(Records from a data source)
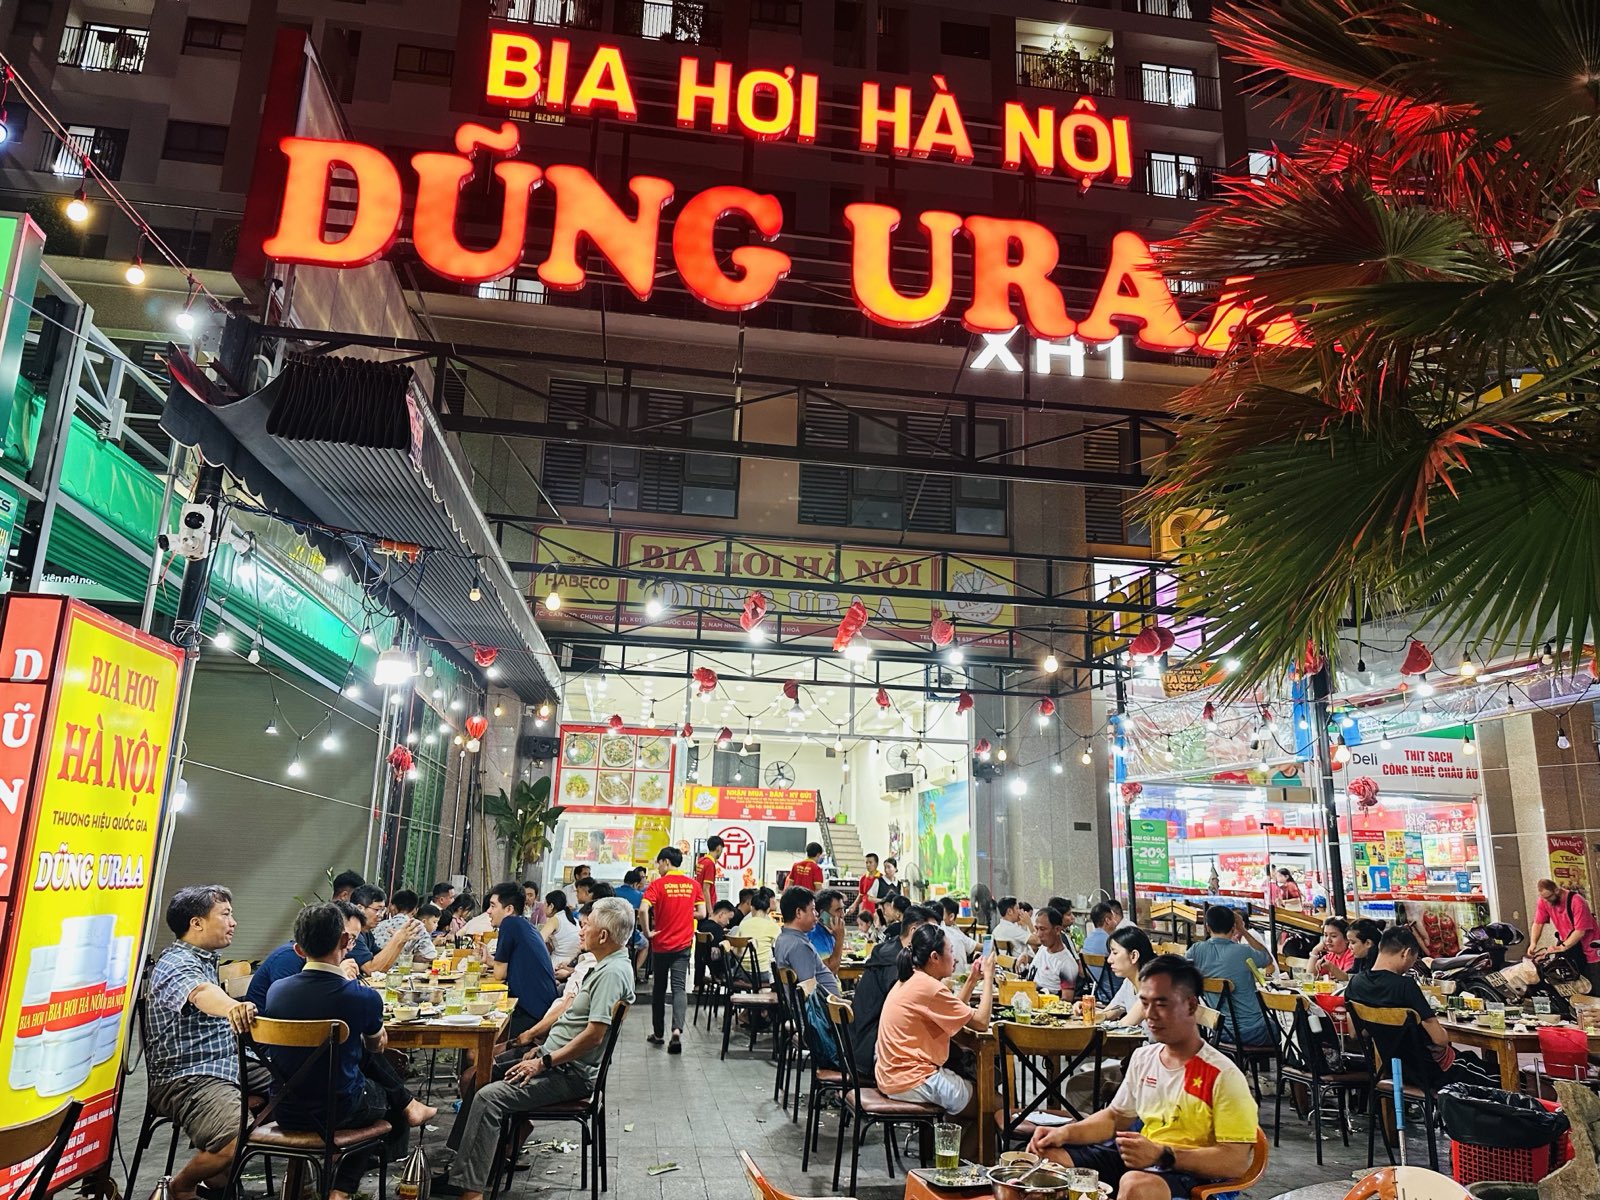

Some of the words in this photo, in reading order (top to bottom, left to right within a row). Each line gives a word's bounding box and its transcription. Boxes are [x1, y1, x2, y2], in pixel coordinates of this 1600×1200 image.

[486, 30, 637, 120] BIA
[677, 56, 819, 142] HƠI
[860, 73, 974, 164] HÀ
[1004, 96, 1134, 192] NỘI
[262, 121, 791, 312] DŨNG
[969, 327, 1124, 380] XH1
[641, 545, 705, 572] BIA
[793, 551, 845, 581] HÀ
[544, 573, 610, 590] HABECO
[88, 656, 121, 701] BIA
[57, 713, 103, 786] HÀ
[106, 729, 161, 806] NỘI
[1352, 753, 1378, 765] Deli
[1404, 750, 1425, 763] THỊT
[1428, 751, 1453, 764] SẠCH
[1382, 763, 1408, 776] CÔNG
[92, 812, 111, 832] HIỆU
[112, 812, 134, 830] QUỐC
[136, 819, 147, 832] GIA
[1139, 847, 1166, 859] 20%
[1550, 838, 1582, 848] WinMart
[34, 842, 94, 891] DŨNG
[97, 854, 144, 891] URAA
[48, 1002, 62, 1021] BIA
[78, 992, 89, 1014] HÀ
[19, 1014, 31, 1030] BIA

Task brief: All records above should be duplicated exactly, with the pictures omitted.

Written answer:
Some of the words in this photo, in reading order (top to bottom, left to right within a row). Each line gives a word's bounding box and its transcription. Boxes are [x1, y1, x2, y2], in pixel coordinates of this 1600×1200 image.

[486, 30, 637, 120] BIA
[677, 56, 819, 142] HƠI
[860, 73, 974, 164] HÀ
[1004, 96, 1134, 192] NỘI
[262, 121, 791, 312] DŨNG
[969, 327, 1124, 380] XH1
[641, 545, 705, 572] BIA
[793, 551, 845, 581] HÀ
[544, 573, 610, 590] HABECO
[88, 656, 121, 701] BIA
[57, 713, 103, 786] HÀ
[106, 729, 161, 806] NỘI
[1352, 753, 1378, 765] Deli
[1404, 750, 1425, 763] THỊT
[1428, 751, 1453, 764] SẠCH
[1382, 763, 1408, 776] CÔNG
[92, 812, 111, 832] HIỆU
[112, 812, 134, 830] QUỐC
[136, 819, 147, 832] GIA
[1139, 847, 1166, 859] 20%
[1550, 838, 1582, 848] WinMart
[34, 842, 94, 891] DŨNG
[97, 854, 144, 891] URAA
[48, 1002, 62, 1021] BIA
[78, 992, 89, 1014] HÀ
[19, 1014, 31, 1030] BIA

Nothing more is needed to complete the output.